A las dos de la tarde, madre e hijo, con su silla de ruedas, aparecían por la playa. La madre llevaba un vestido liso de tonalidades pálidas y se cubría la cabeza con un sombrero de paja de ala ancha. El hijo no se ponía sombrero, iba con unas gafas de sol de color verde oscuro. Vestía siempre una camisa hawaiana y unos pantalones de algodón. Ambos se ponían a la sombra de las palmeras, donde soplaba la brisa, y contemplaban el mar sin hacer nada. La madre se sentaba en una silla plegable de lona, pero al hijo no lo vi abandonar jamás la silla de ruedas. Conforme la sombra se desplazaba, ellos iban cambiando con diligencia de sitio. La madre llevaba un termo plateado y, de cuando en cuando, llenaba unos vasos de papel. A veces mordisqueaban galletas saladas. En la playa no leían jamás. Sólo contemplaban el mar en silencio.
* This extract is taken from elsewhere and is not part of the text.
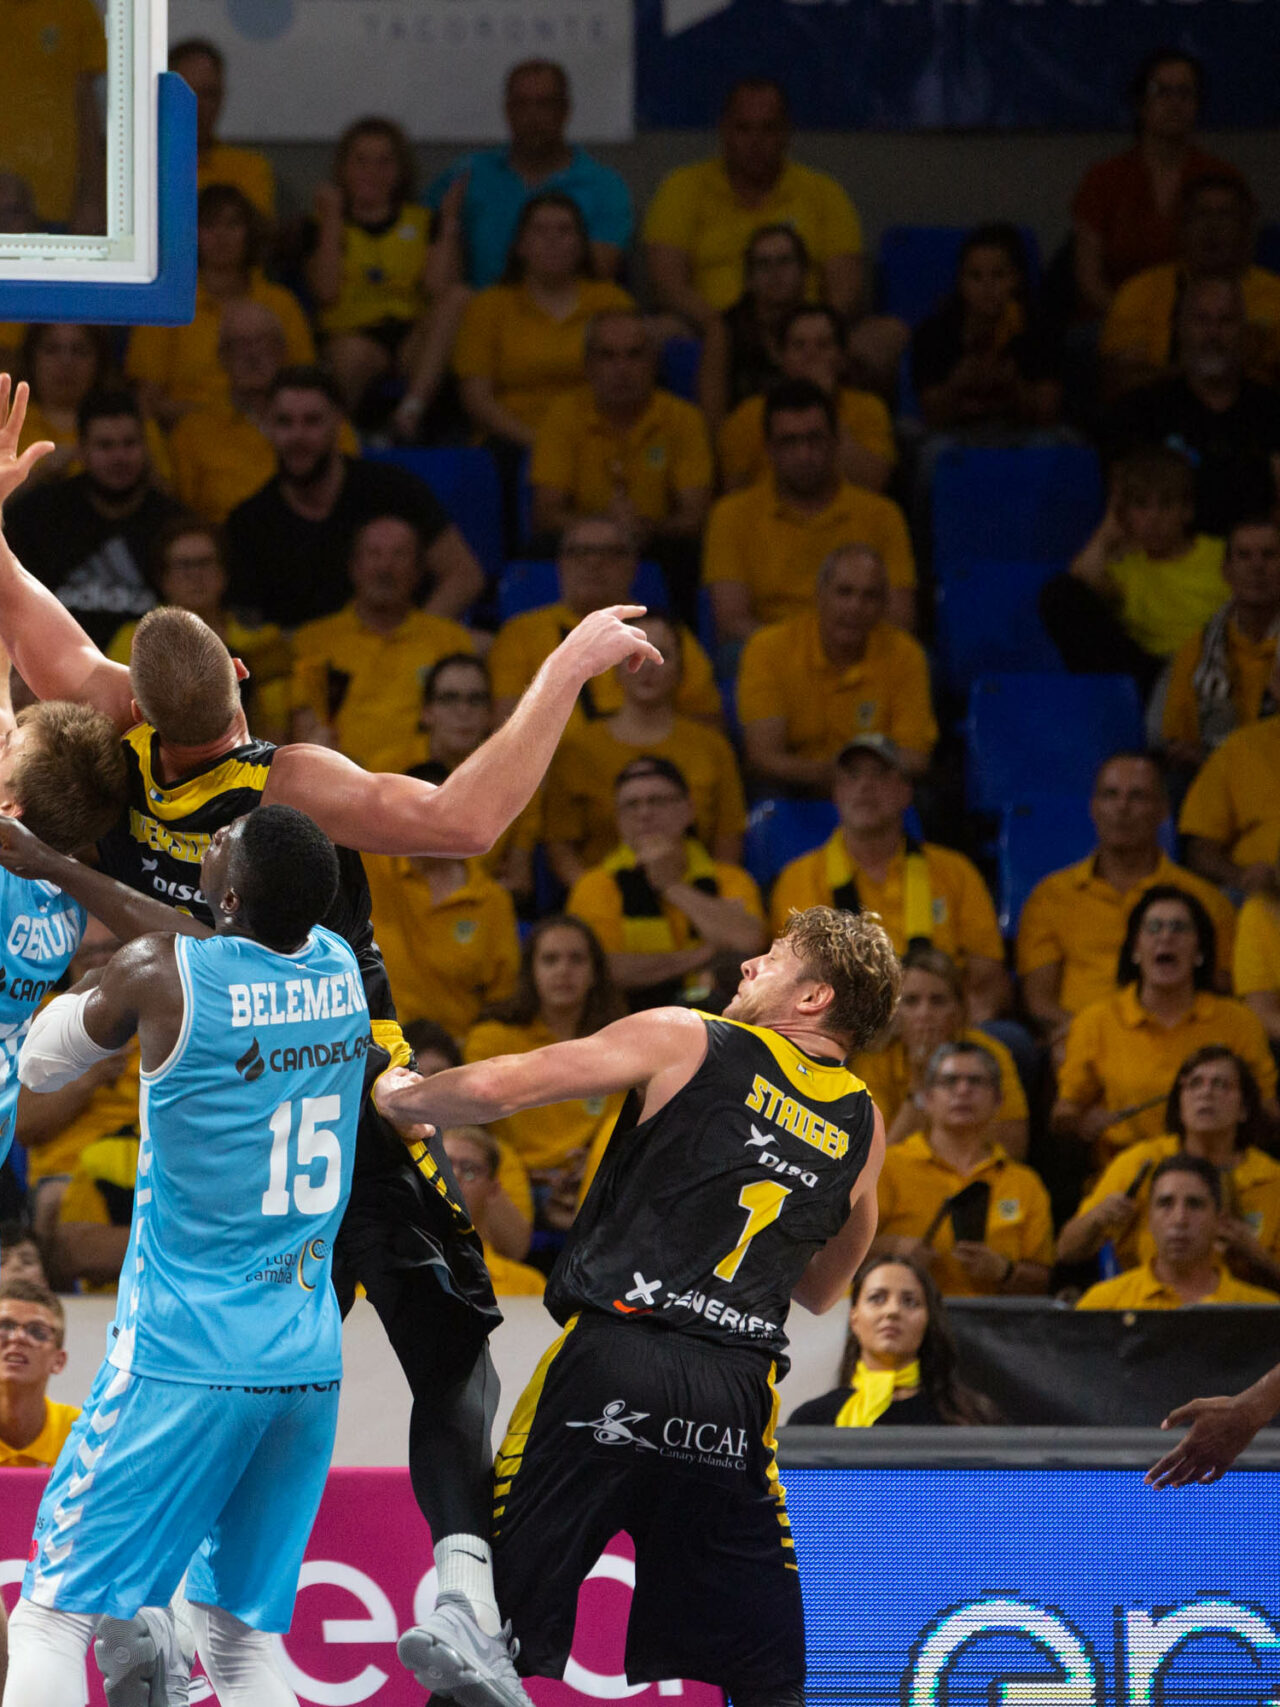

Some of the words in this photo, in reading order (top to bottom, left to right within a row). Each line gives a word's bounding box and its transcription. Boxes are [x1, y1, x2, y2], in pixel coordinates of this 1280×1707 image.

En ocasiones se iban a los treinta minutos, otras permanecían en la playa hasta tres horas, eso dependía del día. Mientras me bañaba, sentía sus miradas clavadas en mi piel. De las boyas a la hilera de palmeras había una distancia considerable y es posible que fuera una alucinación. Es posible que sólo se tratara de un exceso de susceptibilidad por mi parte. Pero cuando, subido a la boya, dirigía los ojos hacia la playa, habría jurado que los dos miraban hacia mí. El termo plateado despedía, de vez en cuando, un vivo destello como si fuera un cuchillo.